#### [The problem]
Every record that appears below should be transcribed exactly.

#### [Data for analysis]
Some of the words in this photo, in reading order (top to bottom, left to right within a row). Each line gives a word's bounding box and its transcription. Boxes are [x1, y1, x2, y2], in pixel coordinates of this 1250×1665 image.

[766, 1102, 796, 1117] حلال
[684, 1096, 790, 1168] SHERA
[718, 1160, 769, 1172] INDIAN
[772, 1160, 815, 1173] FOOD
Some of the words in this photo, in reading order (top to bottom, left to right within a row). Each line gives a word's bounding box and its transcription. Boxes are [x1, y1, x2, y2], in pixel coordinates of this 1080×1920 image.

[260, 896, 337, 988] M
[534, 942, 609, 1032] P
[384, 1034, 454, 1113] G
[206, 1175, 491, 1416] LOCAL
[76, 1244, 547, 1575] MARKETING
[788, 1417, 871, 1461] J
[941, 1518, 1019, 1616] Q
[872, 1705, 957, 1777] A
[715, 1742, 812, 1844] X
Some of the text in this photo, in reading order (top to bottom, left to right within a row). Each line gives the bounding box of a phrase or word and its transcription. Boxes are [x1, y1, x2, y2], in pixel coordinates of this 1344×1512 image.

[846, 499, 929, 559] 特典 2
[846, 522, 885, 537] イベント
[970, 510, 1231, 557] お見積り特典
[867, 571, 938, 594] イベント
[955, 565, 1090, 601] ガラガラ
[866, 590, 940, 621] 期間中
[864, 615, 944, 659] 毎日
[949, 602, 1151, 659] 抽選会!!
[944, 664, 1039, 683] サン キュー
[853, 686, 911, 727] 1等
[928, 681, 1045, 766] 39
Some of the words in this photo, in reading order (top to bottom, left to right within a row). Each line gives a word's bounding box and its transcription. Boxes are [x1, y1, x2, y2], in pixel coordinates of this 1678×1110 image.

#### [Answer space]
Some of the words in this photo, in reading order (top to bottom, left to right within a row). Each line gives a word's bounding box and its transcription. Boxes are [x1, y1, x2, y2], in pixel coordinates of this 1250×1665 image.

[766, 1102, 796, 1117] حلال
[684, 1096, 790, 1168] SHERA
[718, 1160, 769, 1172] INDIAN
[772, 1160, 815, 1173] FOOD
Some of the words in this photo, in reading order (top to bottom, left to right within a row). Each line gives a word's bounding box and its transcription. Boxes are [x1, y1, x2, y2], in pixel coordinates of this 1080×1920 image.

[260, 896, 337, 988] M
[534, 942, 609, 1032] P
[384, 1034, 454, 1113] G
[206, 1175, 491, 1416] LOCAL
[76, 1244, 547, 1575] MARKETING
[788, 1417, 871, 1461] J
[941, 1518, 1019, 1616] Q
[872, 1705, 957, 1777] A
[715, 1742, 812, 1844] X
Some of the text in this photo, in reading order (top to bottom, left to right within a row). Each line gives the bounding box of a phrase or word and its transcription. Boxes are [x1, y1, x2, y2], in pixel coordinates of this 1344×1512 image.

[846, 499, 929, 559] 特典 2
[846, 522, 885, 537] イベント
[970, 510, 1231, 557] お見積り特典
[867, 571, 938, 594] イベント
[955, 565, 1090, 601] ガラガラ
[866, 590, 940, 621] 期間中
[864, 615, 944, 659] 毎日
[949, 602, 1151, 659] 抽選会!!
[944, 664, 1039, 683] サン キュー
[853, 686, 911, 727] 1等
[928, 681, 1045, 766] 39
Some of the words in this photo, in reading order (top to bottom, left to right within a row). Each line gives a word's bounding box and its transcription. Boxes are [x1, y1, x2, y2], in pixel coordinates of this 1678×1110 image.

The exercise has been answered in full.